Alzheimer’s disease is both devastating and deadly. In fact, it’s the sixth leading cause of death in the US. One of the biggest problems doctors face is that symptoms typically don’t appear until the disease has progressed.

Reisa Sperling, MD, Dir. Ctr. for Alzheimer’s Research and Treatment at Brigham and Women’s Hospital explains, “We know now that the process of Alzheimer’s disease begins in the brain well more than a decade before people get symptoms.”

That’s why researchers are trying to better identify those at risk. A recent study found people who develop infections such as herpes simplex virus type one or cytomegalovirus in mid and late life are more likely to suffer from Alzheimer’s and other dementias. Other research found individuals who had viral encephalitis, which is essentially inflammation of the brain caused by a virus, were at least 20 times more likely to be diagnosed with Alzheimer’s than those who didn’t have the condition.
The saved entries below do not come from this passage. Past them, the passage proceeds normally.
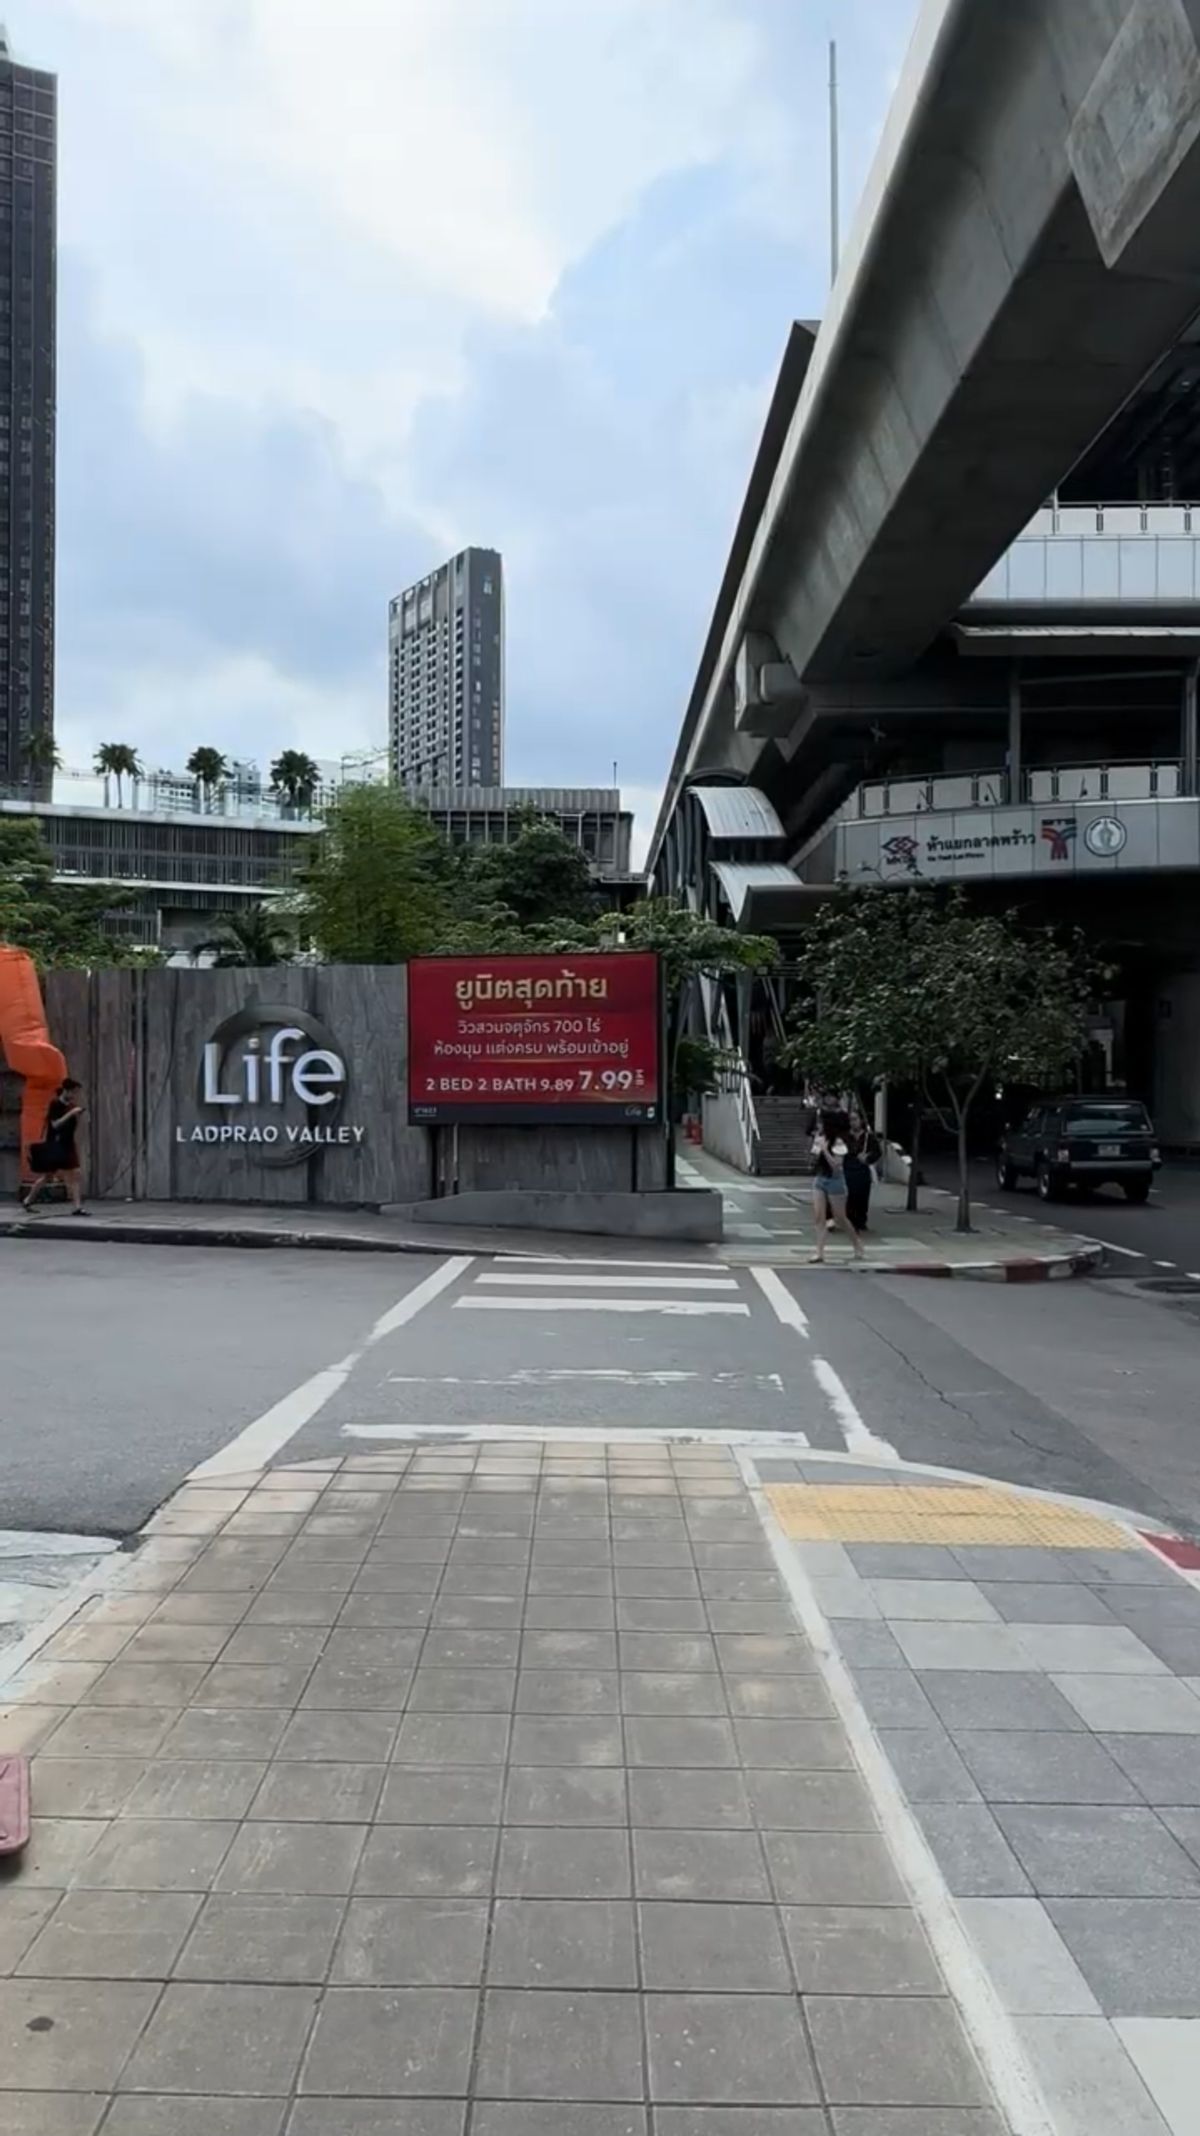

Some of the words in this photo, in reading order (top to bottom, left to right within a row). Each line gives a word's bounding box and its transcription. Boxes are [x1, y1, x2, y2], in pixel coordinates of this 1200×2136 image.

[456, 969, 607, 1010] ยูนิตสุดท้าย
[458, 1019, 550, 1038] วิวสวนจตุจักร
[554, 1020, 583, 1033] 700
[587, 1017, 601, 1033] ไร่
[434, 1040, 482, 1059] ห้องมุม
[486, 1039, 543, 1055] แต่งครบ
[547, 1038, 629, 1059] พร้อมเข้าอยู่
[203, 1028, 346, 1105] Life
[426, 1078, 435, 1091] 2
[440, 1078, 473, 1091] BED
[478, 1078, 487, 1091] 2
[493, 1078, 537, 1091] BATH
[540, 1078, 574, 1091] 9.89
[578, 1070, 633, 1090] 7.99
[285, 1125, 366, 1143] VALLEY
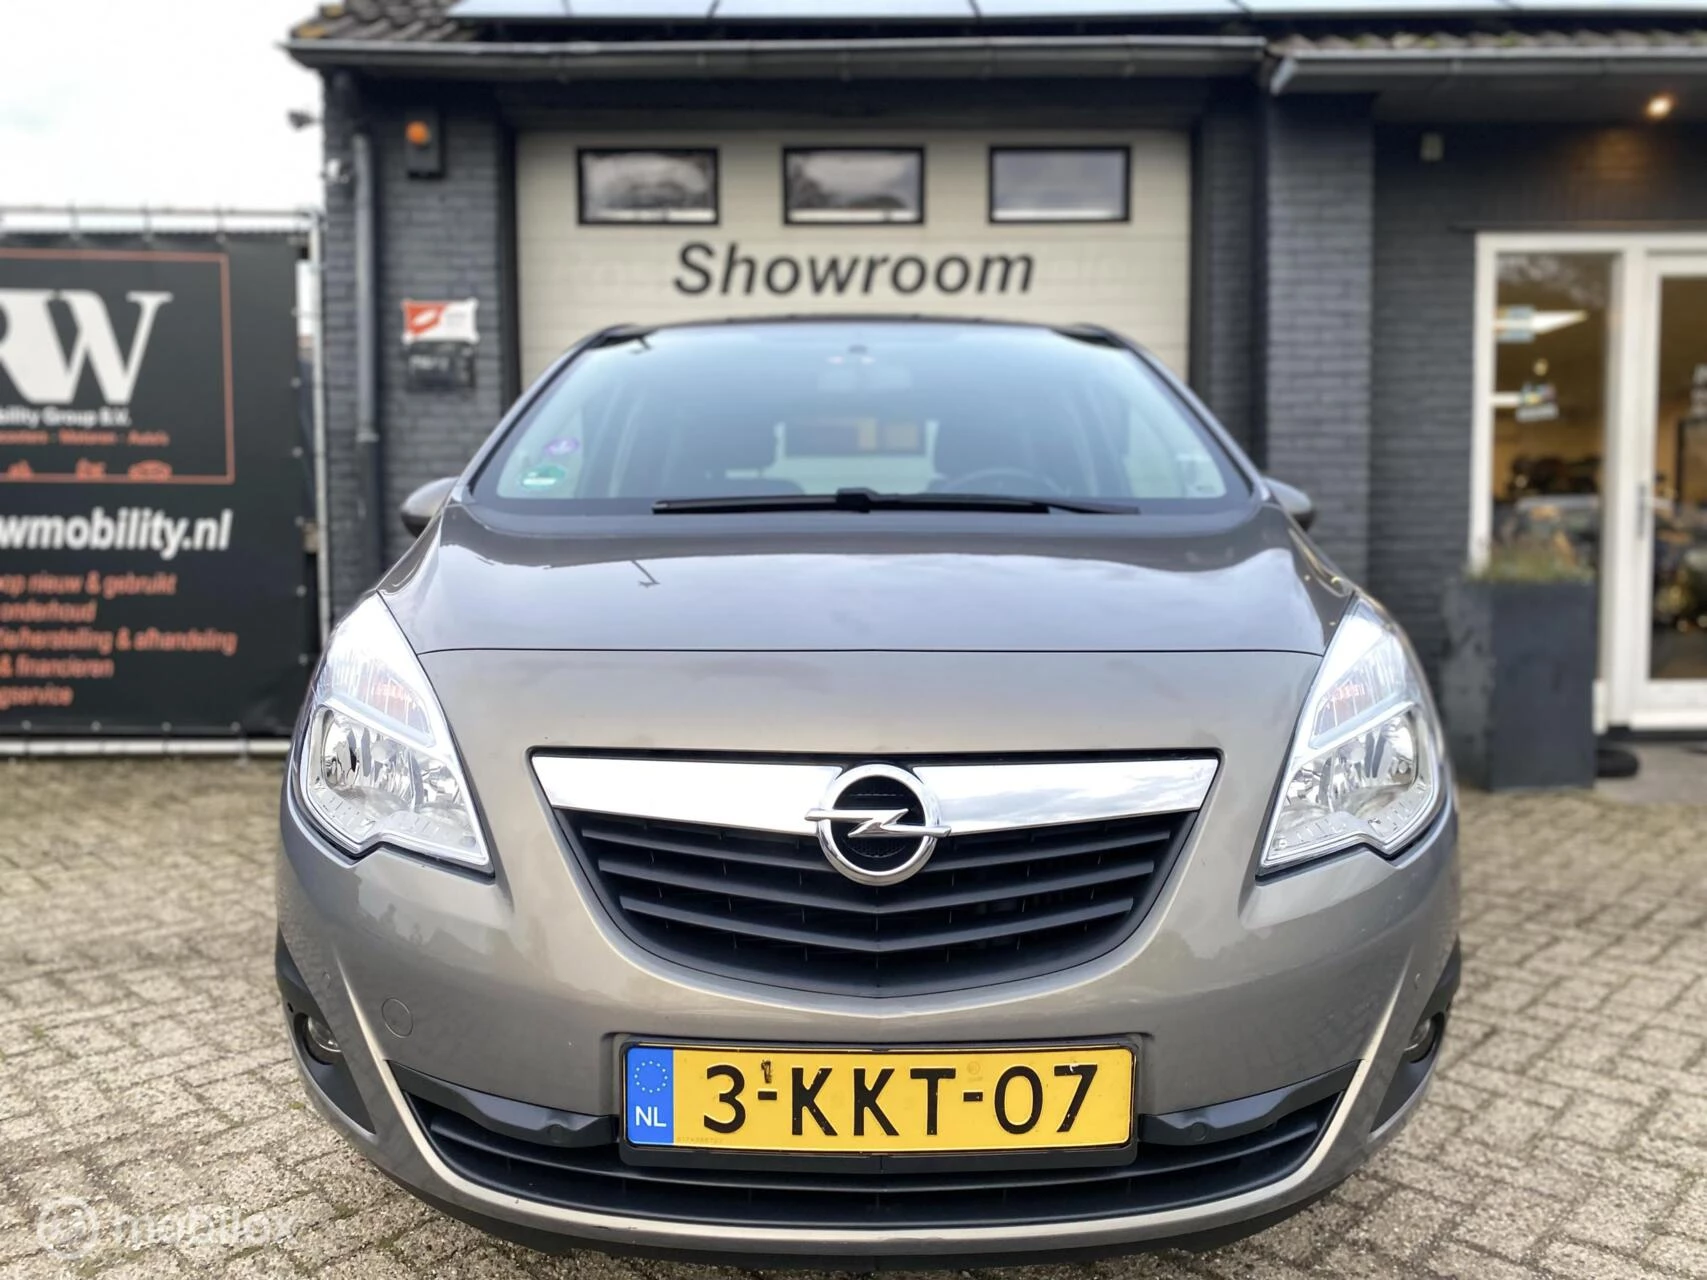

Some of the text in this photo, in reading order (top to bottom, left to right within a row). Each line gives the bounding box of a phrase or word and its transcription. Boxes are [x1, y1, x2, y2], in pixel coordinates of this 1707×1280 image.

[673, 241, 1035, 296] Showroom
[85, 570, 101, 595] &
[115, 626, 131, 651] &
[703, 1063, 1098, 1137] 3-KKT-07
[635, 1105, 667, 1128] NL
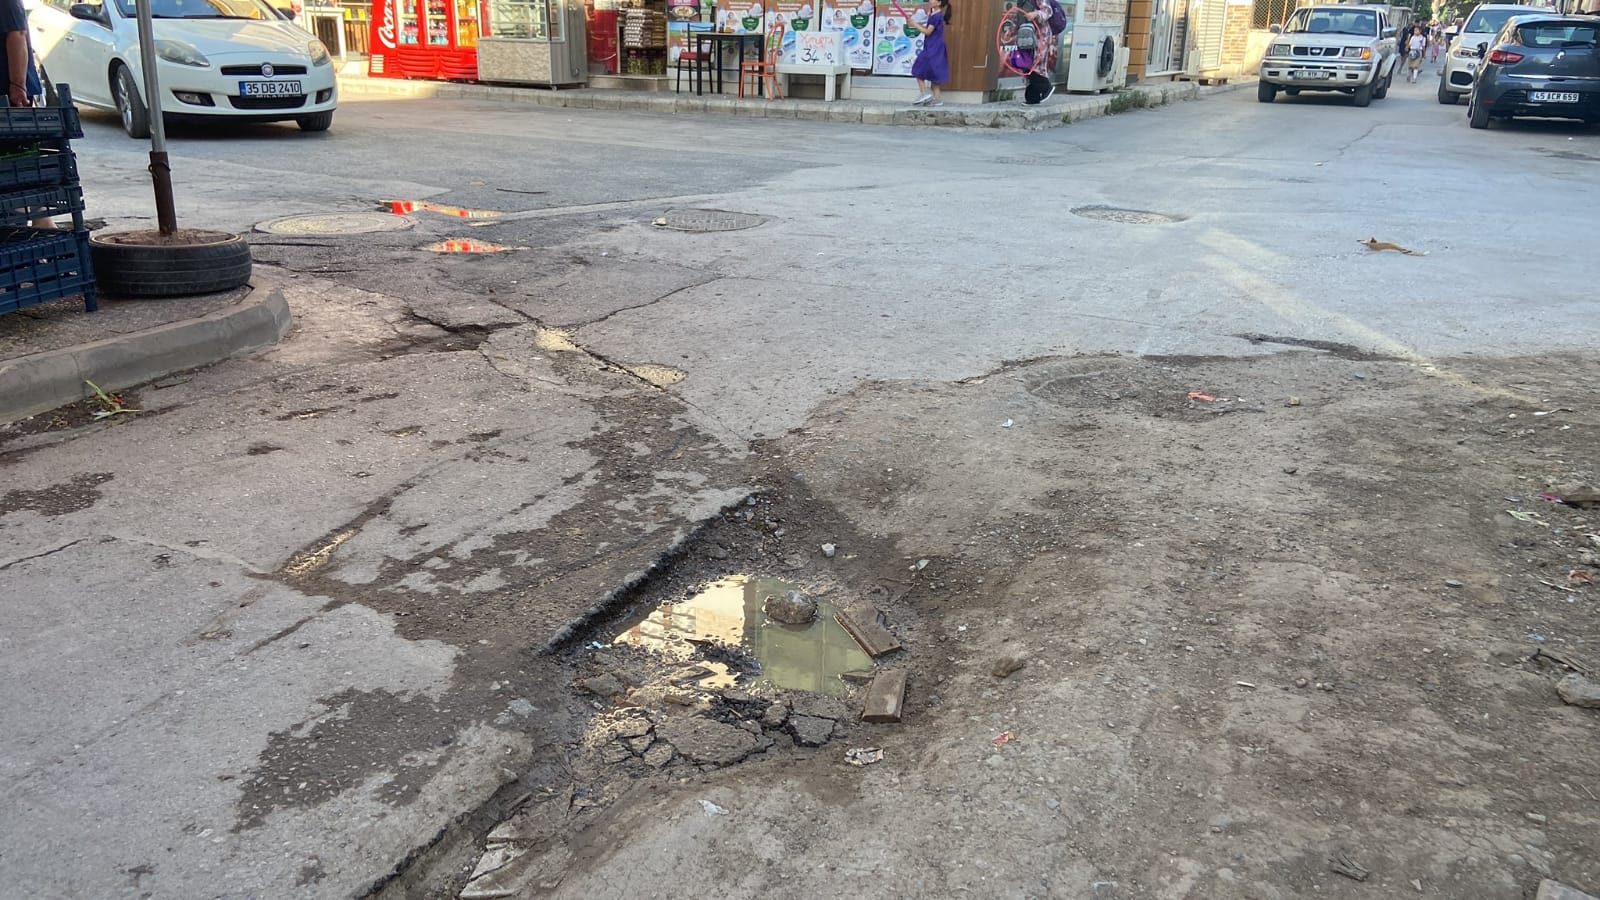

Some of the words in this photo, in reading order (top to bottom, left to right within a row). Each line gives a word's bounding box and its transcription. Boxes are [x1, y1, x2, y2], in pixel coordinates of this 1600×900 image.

[801, 48, 820, 64] 34
[246, 83, 259, 93] 35
[261, 83, 276, 93] DB
[279, 82, 299, 93] 2410
[1563, 93, 1578, 101] 659
Some of the latest research also suggests other possible risk factors include having a head injury, experiencing hearing loss, heart disease, untreated depression, and living in social isolation. Recognizing these risk factors could help doctors spot the disease earlier – which is key for a better outcome.

Doctor Sperling says, “If we can catch this, nip it in the bud before people have symptoms maybe that’s the way we really cure Alzheimer’s disease.”

Age is the single most important risk factor when it comes to Alzheimer’s disease. The likelihood of developing Alzheimer’s doubles every five years after you reach age 65. But about one in 20 people with the disease have early-onset and are younger than 65.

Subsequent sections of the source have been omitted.